TASK ITEM →
Word for word, repeat the data; no picture should appear in the result.
Top of PROVIDED DATA
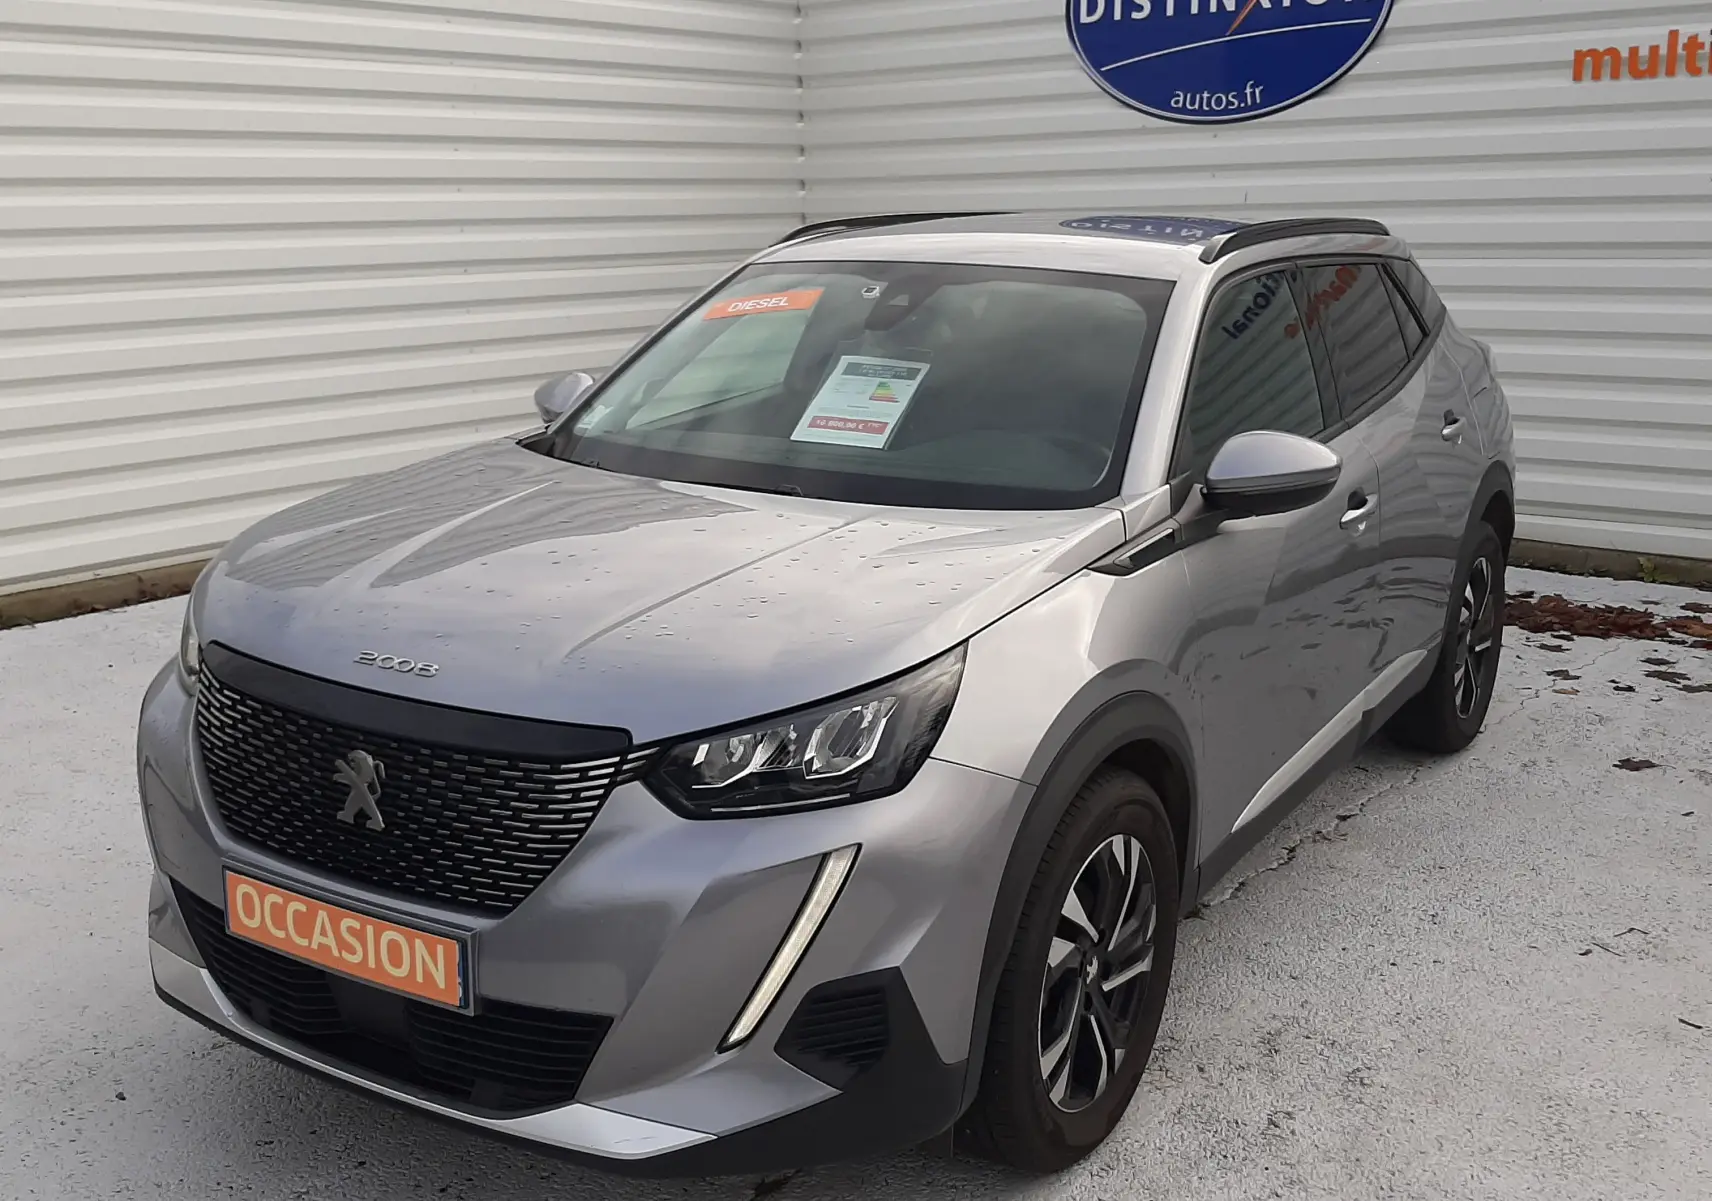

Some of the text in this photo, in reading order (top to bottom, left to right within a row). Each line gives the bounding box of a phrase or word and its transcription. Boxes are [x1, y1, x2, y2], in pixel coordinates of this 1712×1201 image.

[1170, 81, 1264, 110] autos.fr
[727, 296, 789, 312] DIESEL
[353, 650, 440, 678] 2008
[235, 882, 446, 990] OCCASION
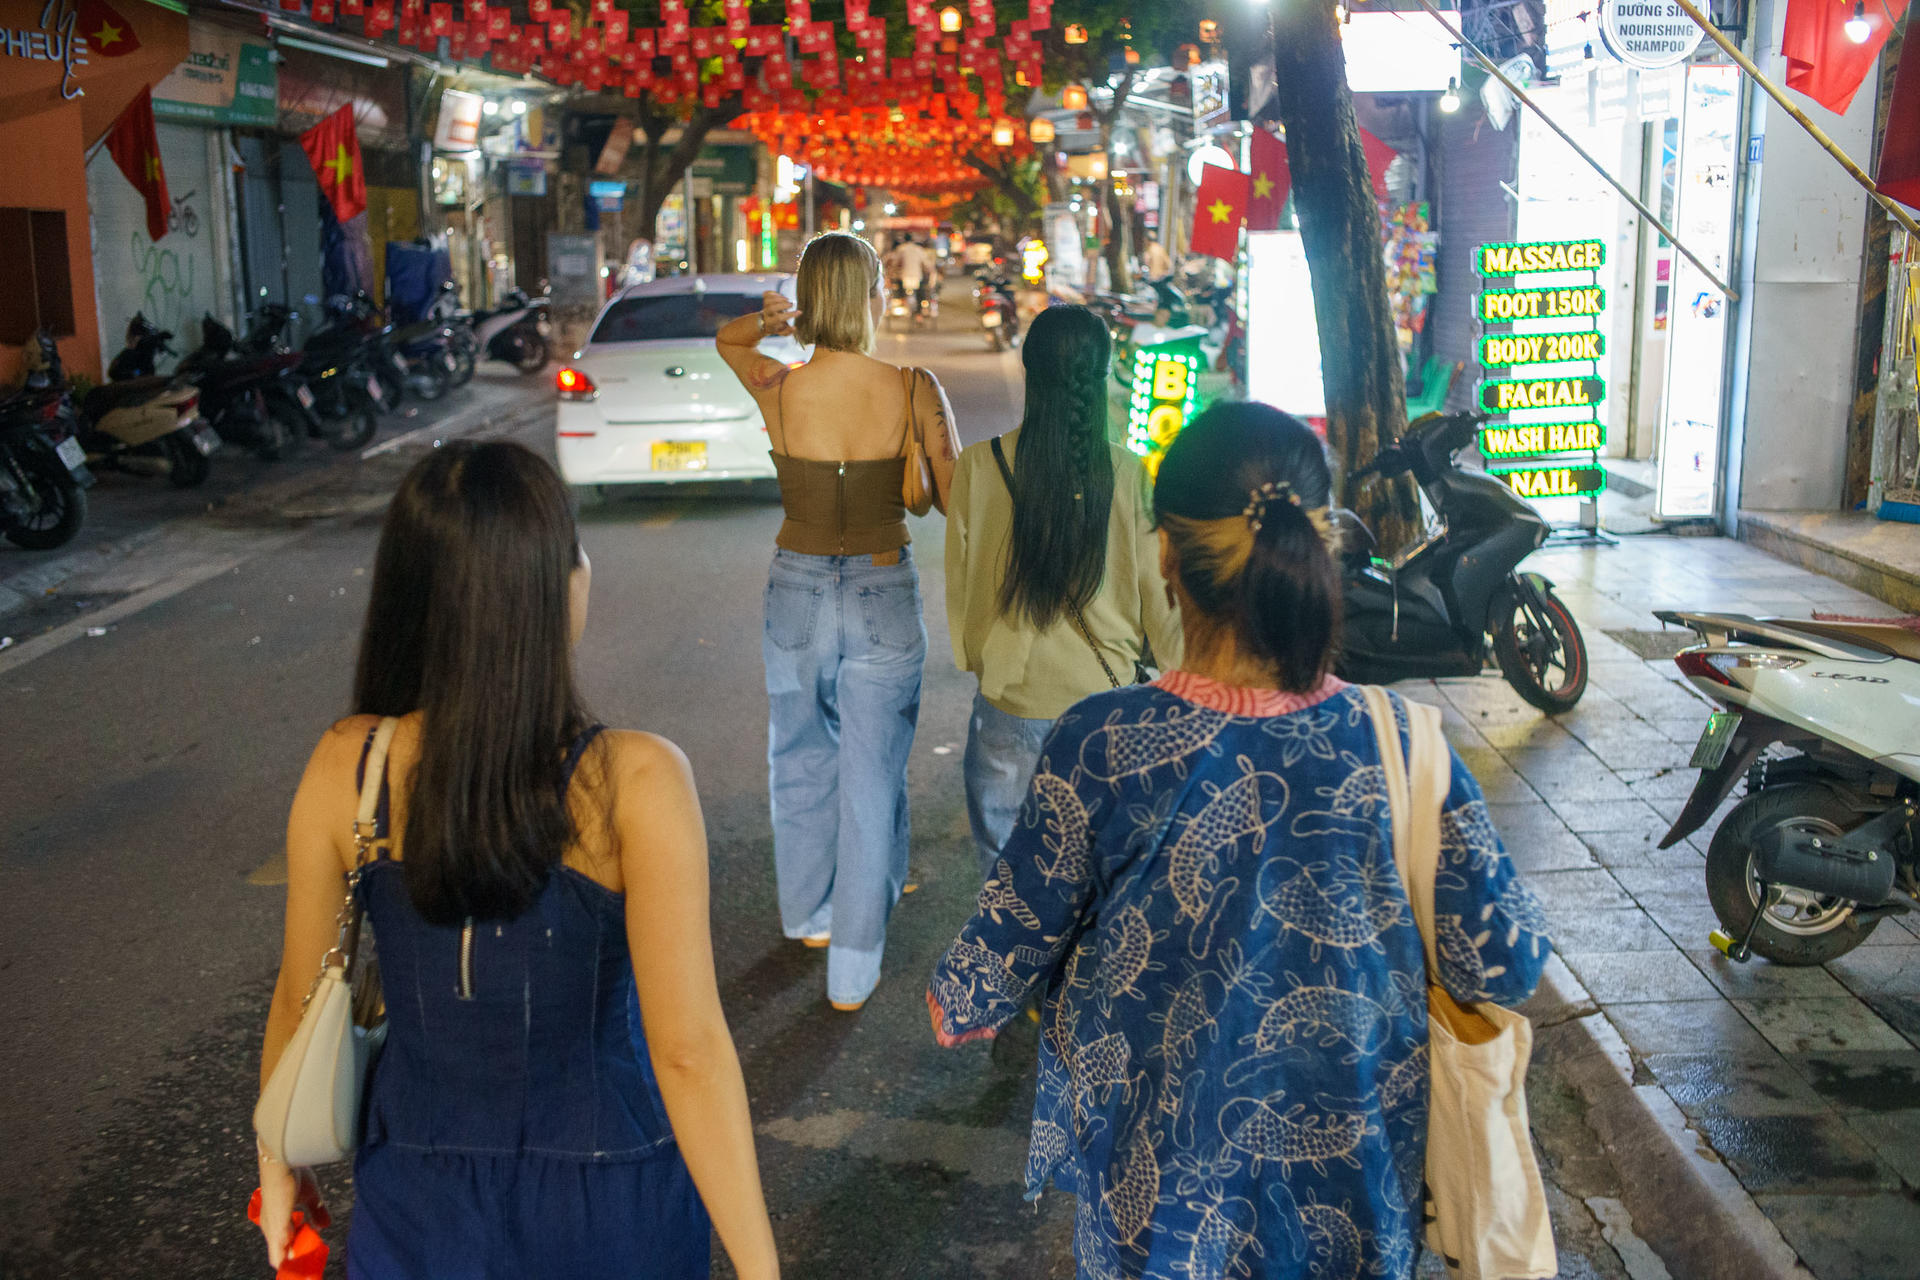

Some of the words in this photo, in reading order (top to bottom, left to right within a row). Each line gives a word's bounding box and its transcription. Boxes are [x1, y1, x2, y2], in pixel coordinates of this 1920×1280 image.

[1619, 24, 1694, 37] NOURISHING
[1626, 40, 1685, 52] SHAMPOO
[1485, 243, 1600, 272] MASSAGE
[1485, 291, 1542, 319] FOOT
[1546, 288, 1600, 316] 150K
[1487, 336, 1544, 364] BODY
[1545, 333, 1600, 361] 200K
[1498, 380, 1589, 409] FACIAL
[1485, 427, 1546, 454] WASH
[1548, 423, 1599, 452] HAIR
[1510, 468, 1578, 496] NAIL
[1811, 671, 1890, 684] LEAD
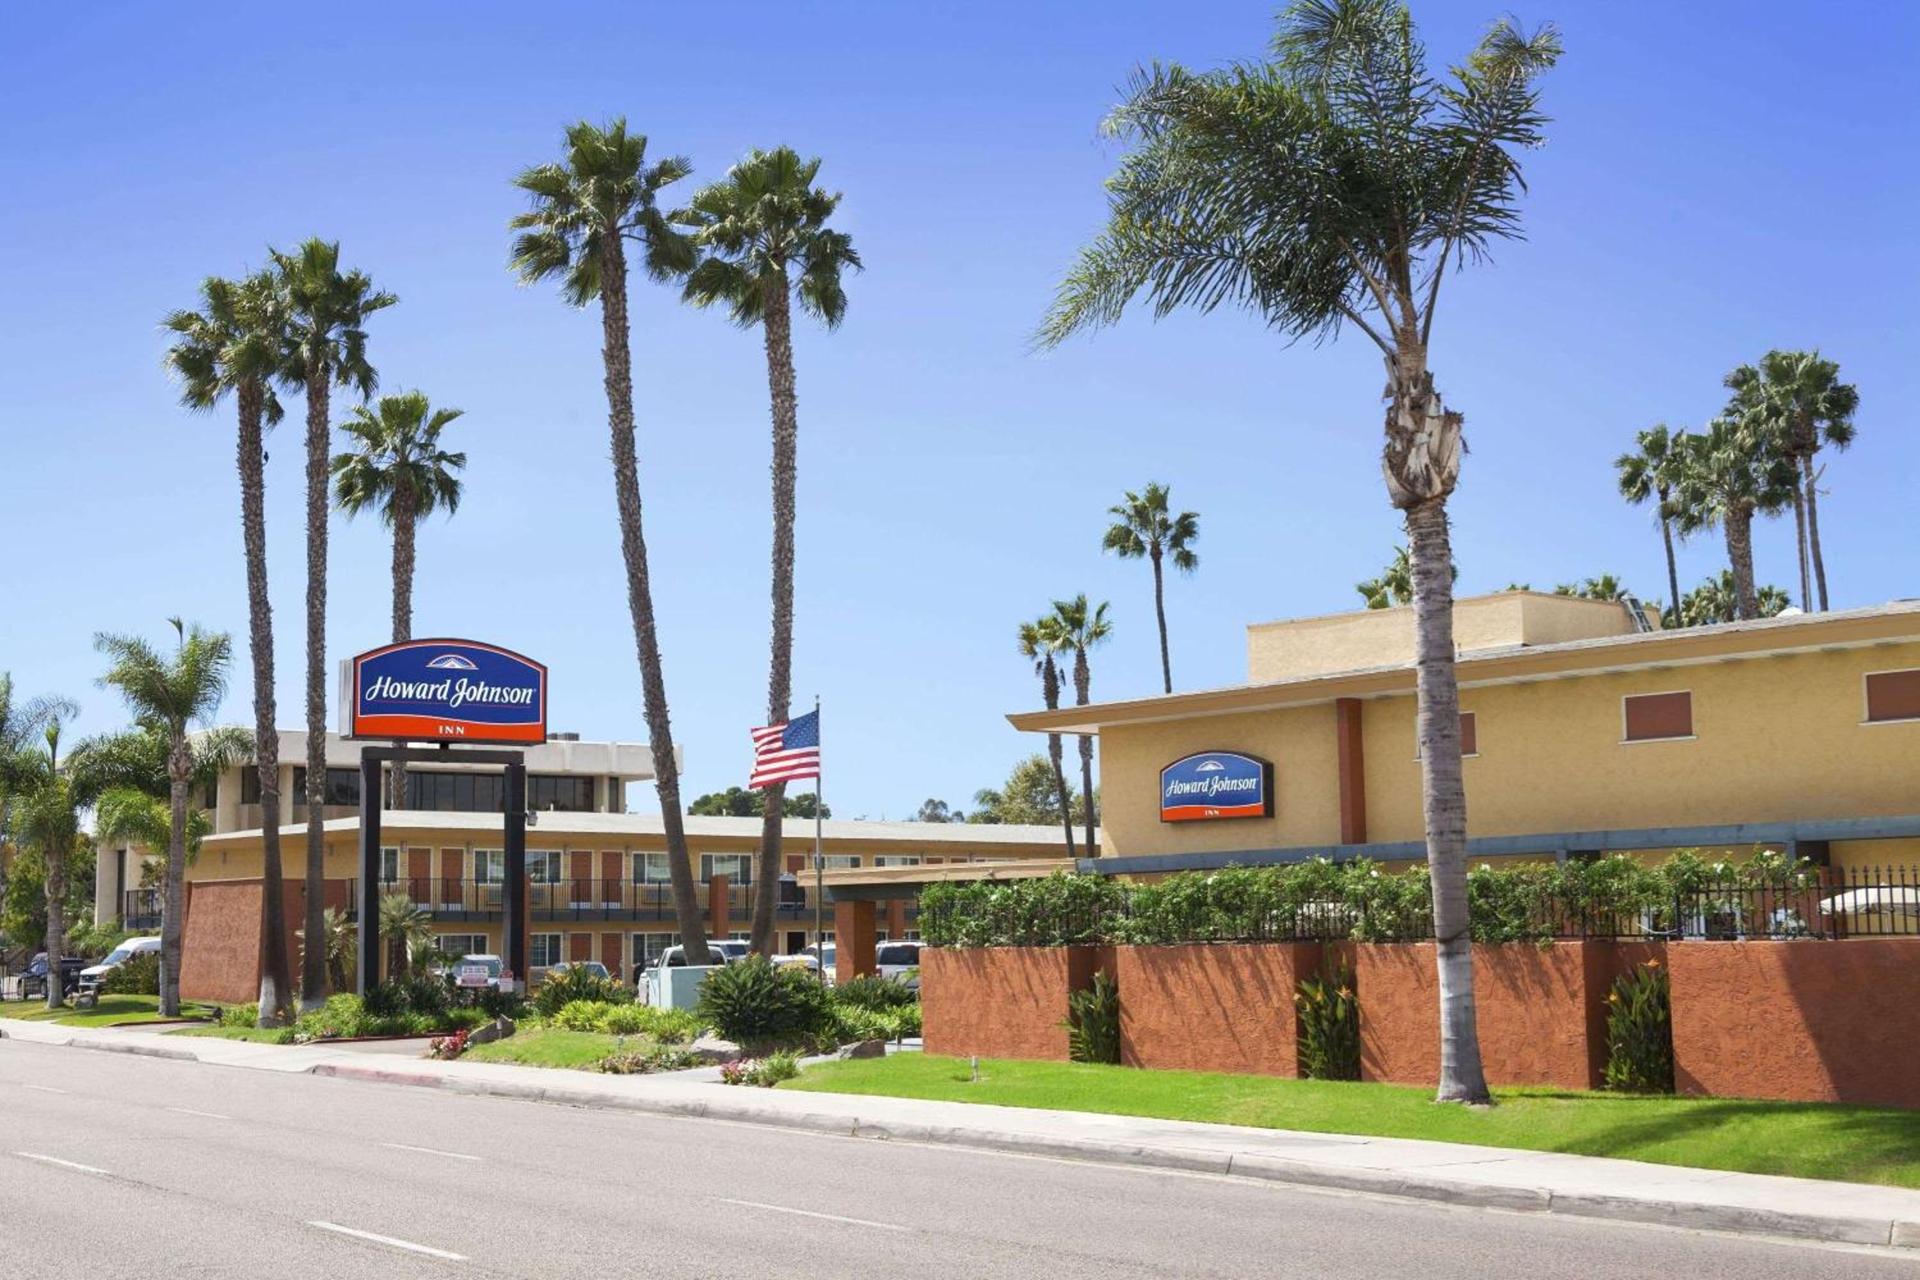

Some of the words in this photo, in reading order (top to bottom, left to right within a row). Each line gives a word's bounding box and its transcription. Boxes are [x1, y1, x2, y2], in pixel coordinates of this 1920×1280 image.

[366, 676, 450, 701] Howard
[450, 678, 534, 708] Johnson
[438, 725, 465, 735] INN
[1166, 778, 1209, 798] Howard
[1209, 776, 1257, 797] Johnson
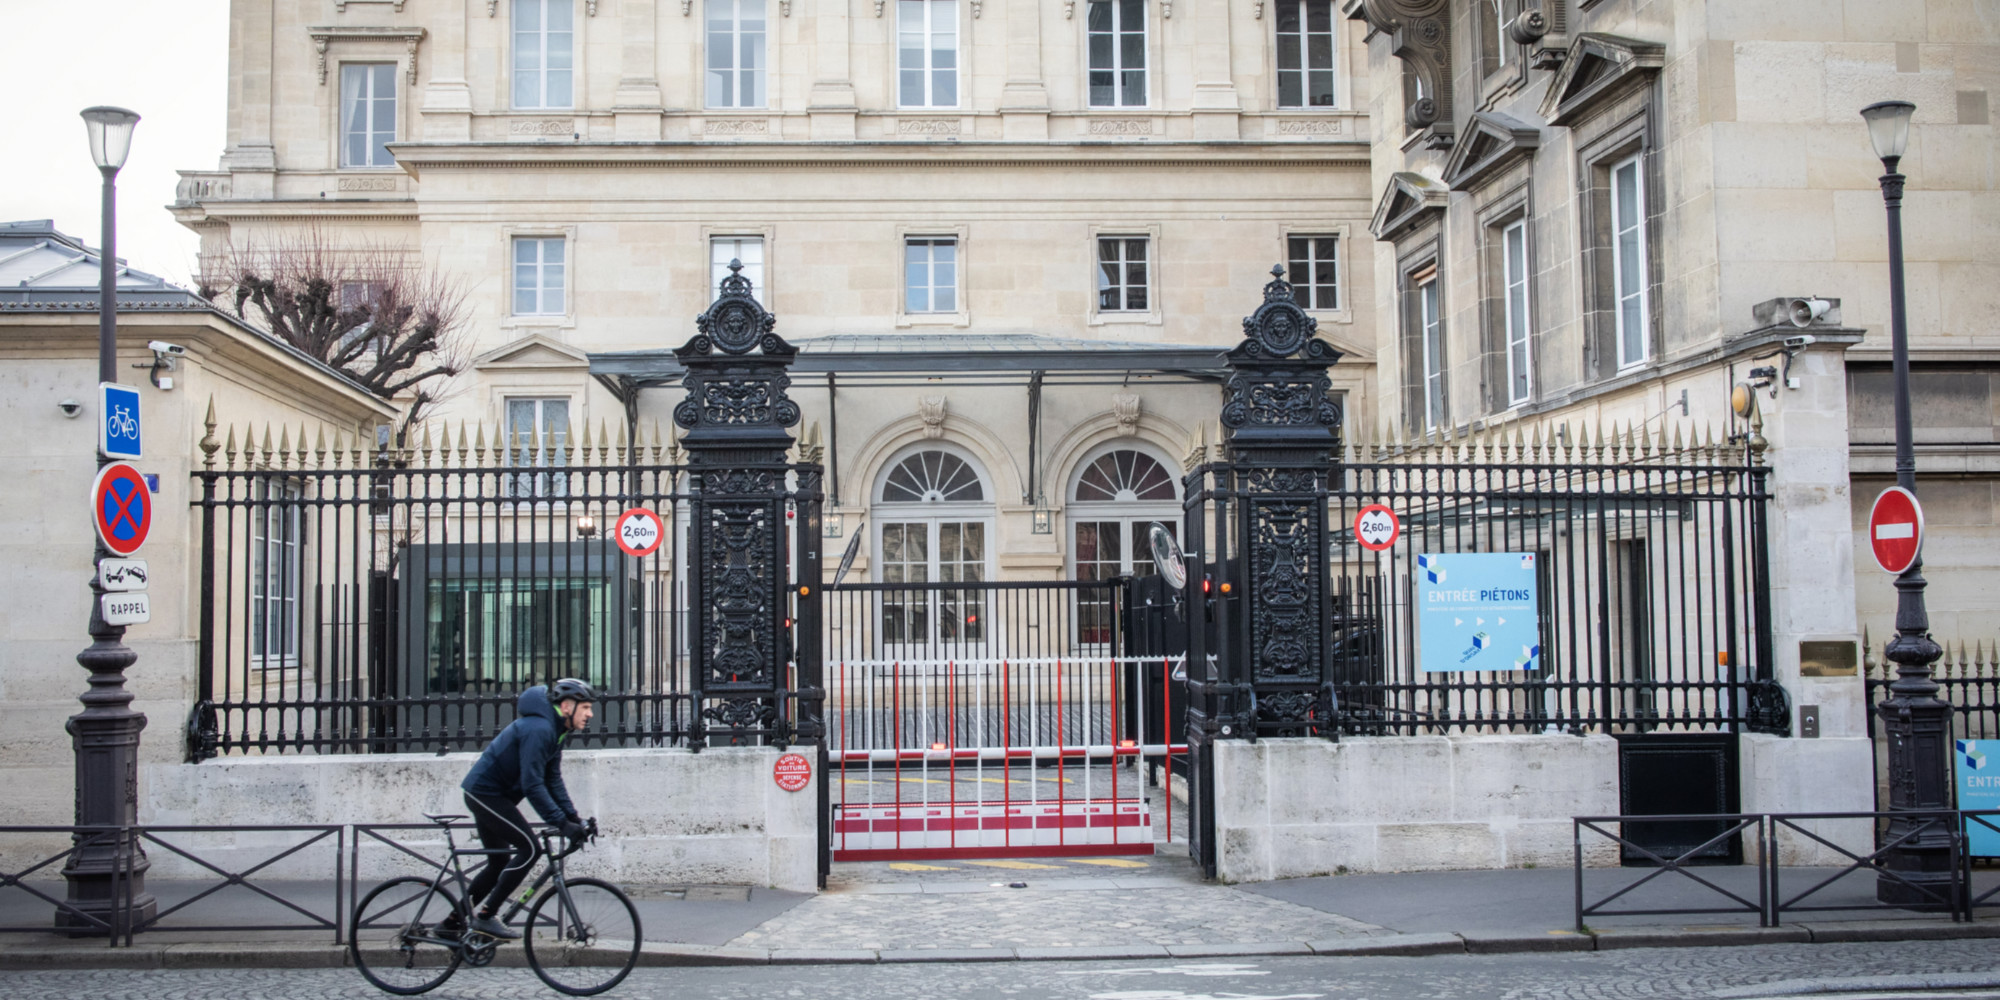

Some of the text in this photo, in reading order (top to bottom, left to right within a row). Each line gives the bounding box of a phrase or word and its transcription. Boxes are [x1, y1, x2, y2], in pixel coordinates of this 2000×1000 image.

[1428, 586, 1530, 602] ENTRÉE PIÉTONS
[111, 602, 146, 615] RAPPEL
[780, 756, 804, 765] SORTIE
Bottom of PROVIDED DATA
RESULT OF THIS EXERCISE →
Some of the text in this photo, in reading order (top to bottom, left to right within a row). Each line gives the bounding box of a phrase or word and its transcription. Boxes are [x1, y1, x2, y2], in pixel coordinates of this 1712×1201 image.

[1170, 81, 1264, 110] autos.fr
[727, 296, 789, 312] DIESEL
[353, 650, 440, 678] 2008
[235, 882, 446, 990] OCCASION

Some of the words in this photo, in reading order (top to bottom, left to right within a row). Each line gives a word's bounding box and its transcription. Boxes are [x1, y1, x2, y2], in pixel coordinates of this 1920×1280 image.

[1619, 24, 1694, 37] NOURISHING
[1626, 40, 1685, 52] SHAMPOO
[1485, 243, 1600, 272] MASSAGE
[1485, 291, 1542, 319] FOOT
[1546, 288, 1600, 316] 150K
[1487, 336, 1544, 364] BODY
[1545, 333, 1600, 361] 200K
[1498, 380, 1589, 409] FACIAL
[1485, 427, 1546, 454] WASH
[1548, 423, 1599, 452] HAIR
[1510, 468, 1578, 496] NAIL
[1811, 671, 1890, 684] LEAD

Some of the words in this photo, in reading order (top to bottom, left to right within a row). Each line gives a word's bounding box and its transcription. Boxes are [x1, y1, x2, y2], in pixel coordinates of this 1920×1280 image.

[366, 676, 450, 701] Howard
[450, 678, 534, 708] Johnson
[438, 725, 465, 735] INN
[1166, 778, 1209, 798] Howard
[1209, 776, 1257, 797] Johnson

Some of the text in this photo, in reading order (top to bottom, left to right within a row). Each line gives the bounding box of a phrase or word and its transcription. Boxes are [x1, y1, x2, y2], in pixel coordinates of this 2000×1000 image.

[1428, 586, 1530, 602] ENTRÉE PIÉTONS
[111, 602, 146, 615] RAPPEL
[780, 756, 804, 765] SORTIE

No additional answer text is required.